In cluster 3 samples, integrated alterations were identified involving antigen presentation, allograft rejection, cytokine-cytokine receptor interaction, Jak-STAT and TGF-beta signaling, glycosaminoglycan biosynthesis, and metabolism. These are also in line with our prior transcriptional results in this “immunological” PE group [3], in which we characterized this cluster of patients as demonstrating evidence of maternal anti-fetal/placental rejection. While not as widely discussed in the literature, the primary involvement of heightened immune activation has been described in several previous studies of PE pathophysiology, along with these other metabolic pathways [60,61,62,63,64,65,66]. Interestingly, one of the most significant methylation and expression relationships observed in this cluster involved DNMT3A (one of the DNA methyltransferase enzymes responsible for de novo methylation): a CpG island site (cg05544807) was hypermethylated in the DNMT3A gene body, compared to cluster 1, and demonstrated a negative relationship to expression.
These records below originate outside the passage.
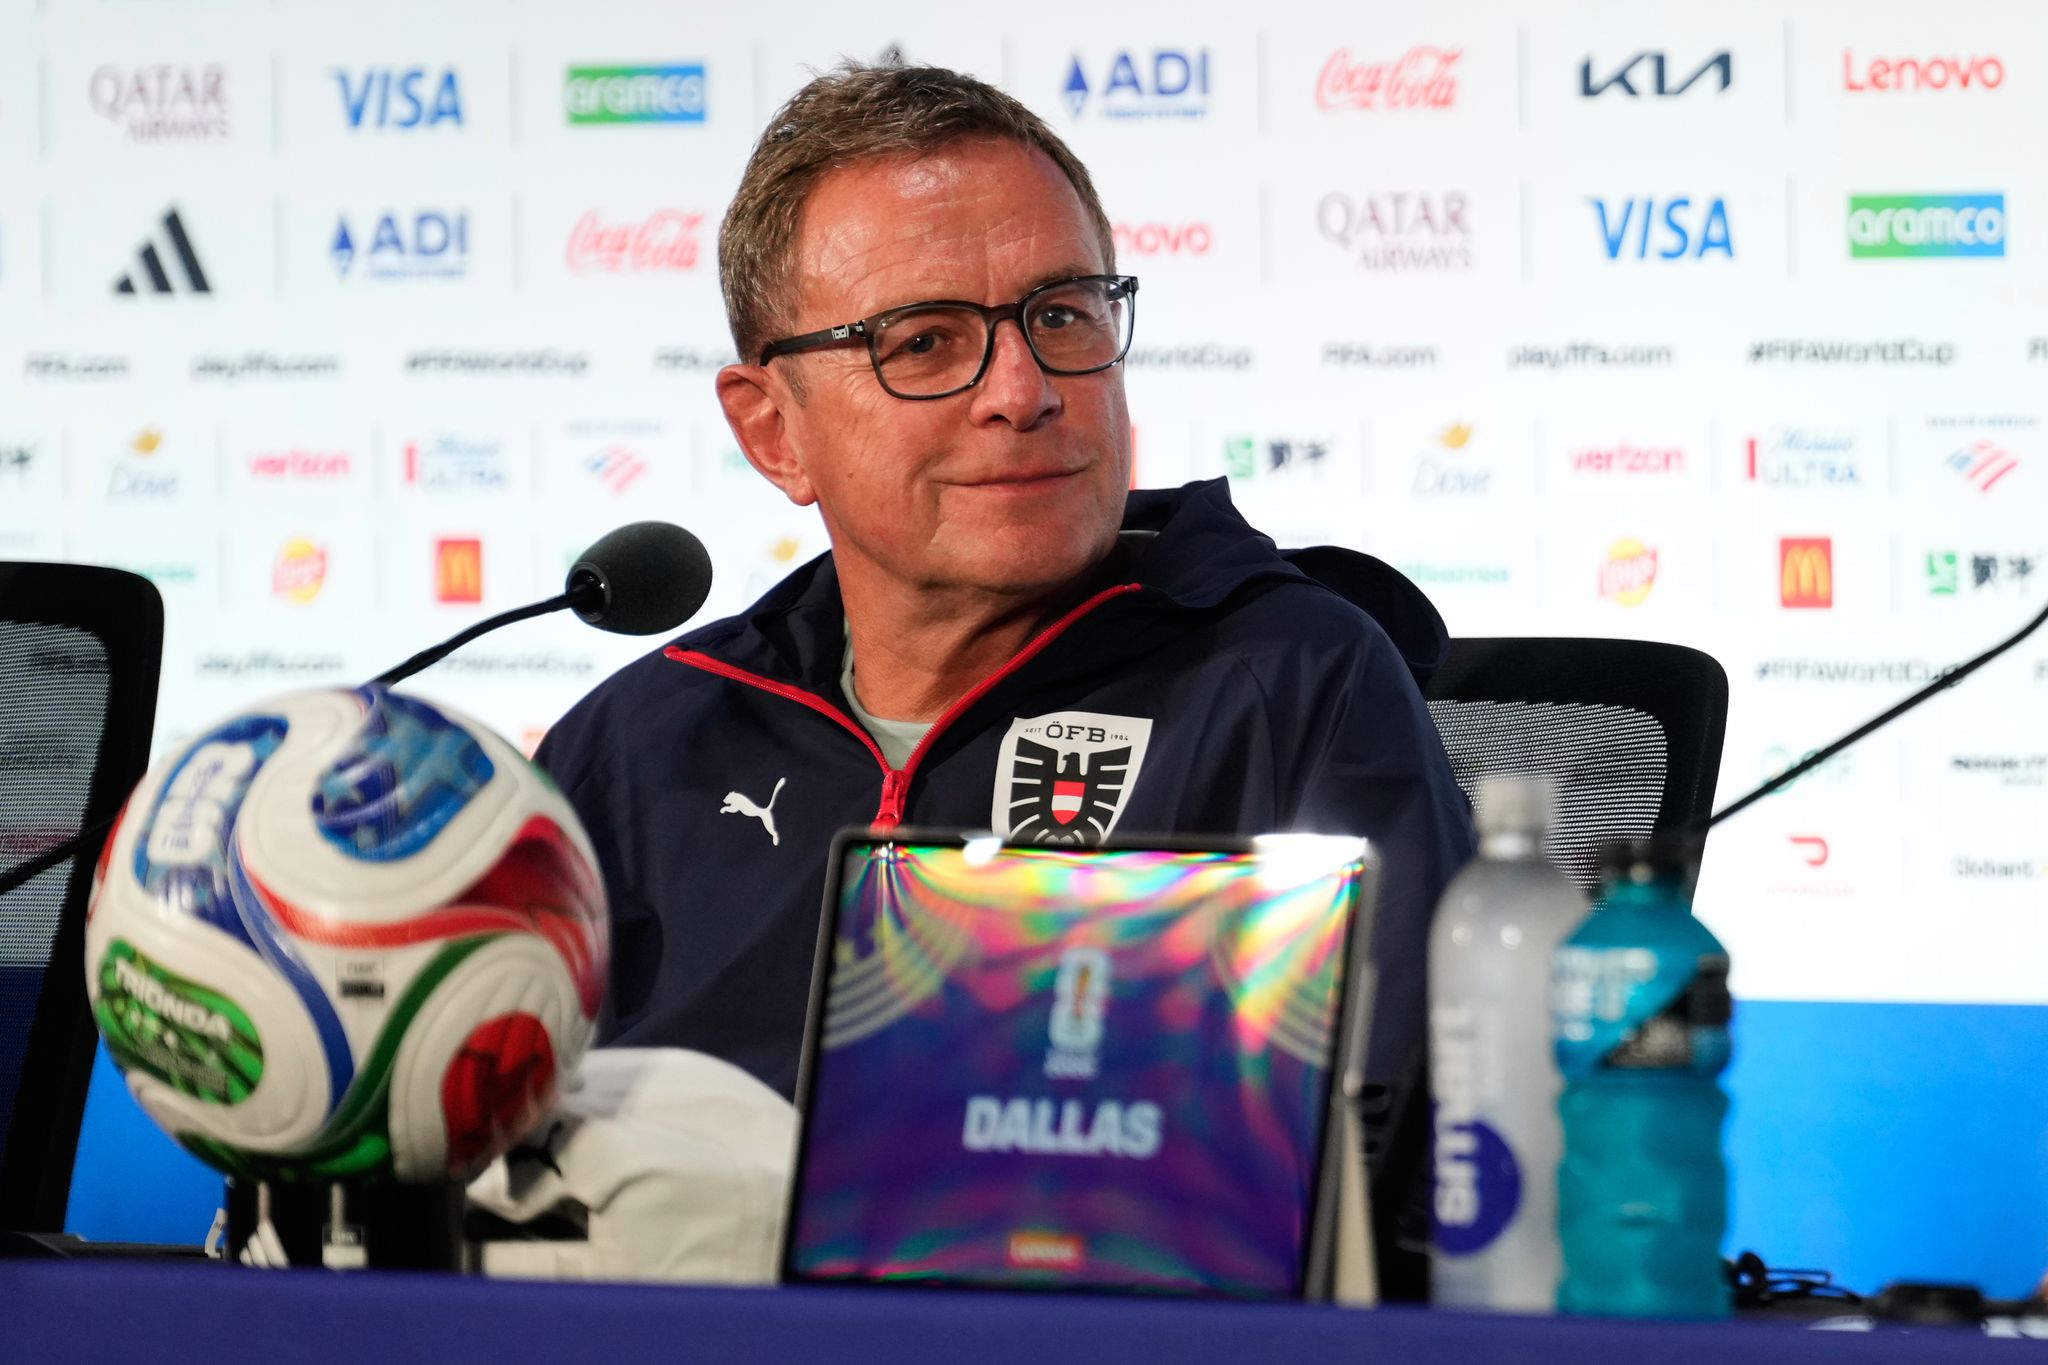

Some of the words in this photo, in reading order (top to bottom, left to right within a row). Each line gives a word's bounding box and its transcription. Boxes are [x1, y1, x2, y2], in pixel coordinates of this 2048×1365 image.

[88, 64, 227, 120] QATAR
[1105, 51, 1211, 97] ADI
[1843, 50, 2005, 91] Lenovo
[328, 67, 464, 127] VISA
[565, 75, 706, 116] aramco
[368, 211, 469, 257] ADI
[1112, 222, 1214, 254] novo
[1317, 192, 1473, 246] QATAR
[1588, 197, 1734, 259] VISA
[1848, 206, 2005, 247] aramco
[1356, 246, 1473, 271] AIRWAYS
[1747, 338, 1957, 366] #FIFAWorldCup
[1571, 444, 1684, 475] verizon
[1045, 720, 1107, 744] ÖFB
[1110, 733, 1129, 742] 1904
[114, 960, 232, 1037] TRIONDA
[962, 1095, 1165, 1159] DALLAS
While this likely has global implications for the DNA methylation pattern observed in these cluster 3 placentas, decreased expression of DNMT3A has been specifically implicated in immunological-associated disorders [67, 68] and abnormal placentation in preeclampsia [69]. Therefore, this CpG site may serve as a potential target for the epigenetic modulation of pathological gene expression in this PE subtype.

Our study also has some inherent limitations. In our previous gene expression analysis, we utilized a large cohort of over 300 placentas to identify clusters and dysregulated pathways between them. Despite our current study being the largest to integrate methylation and transcriptional information in PE, this analysis involved only 48 placentas. Therefore, it is likely to still be underpowered, thus restricting our discovery of epigenetic changes in these samples to those with large effect sizes. As such, a future direction will be the validation of these findings, and perhaps the identification of new significant sites, in a larger cohort of samples. Additionally, as with all investigations of delivered placentas, it is impossible to determine whether the observed molecular modifications are part of the cause or the consequence of the disease process. Finally, our analysis is based on the assumption that the cell composition is the same across all samples. This is probably not the case, as differences in cell ratios can occur for a range of reasons [4, 42, 70,71,72], including placental maturation or sampling variability. Therefore, some of the epigenetic changes that we are interpreting as being reflective of gene regulation in all cells may instead be due to shifts in cell numbers [29]. However, unfortunately, until individual methylation patterns for all possible placental cell types have been established, this limitation cannot be resolved. This investigation is currently ongoing in our groups.

Conclusions

Overall, we have improved our understanding of the portion of the divergent gene expression involved in the development of transcriptional clusters 2 and 3 that is associated with changes in DNA methylation, as well as confirmed the lack of true biological cohesion in cluster 5 placentas. Differentially methylated sites in clusters 2 and 3, compared to the healthier cluster 1, may have potential as biomarkers of these patient groups for early screening in maternal serum, whereas specific genes and sets of genes exhibiting a strong epigenetic and transcriptional relationship (either linear or integrated) may serve as therapeutic targets to modify or prevent pathological changes in PE placental groups. However, a further increase in sample size and an assessment of additional modes of gene regulation will be required to fully comprehend the mechanisms underlying these subtypes.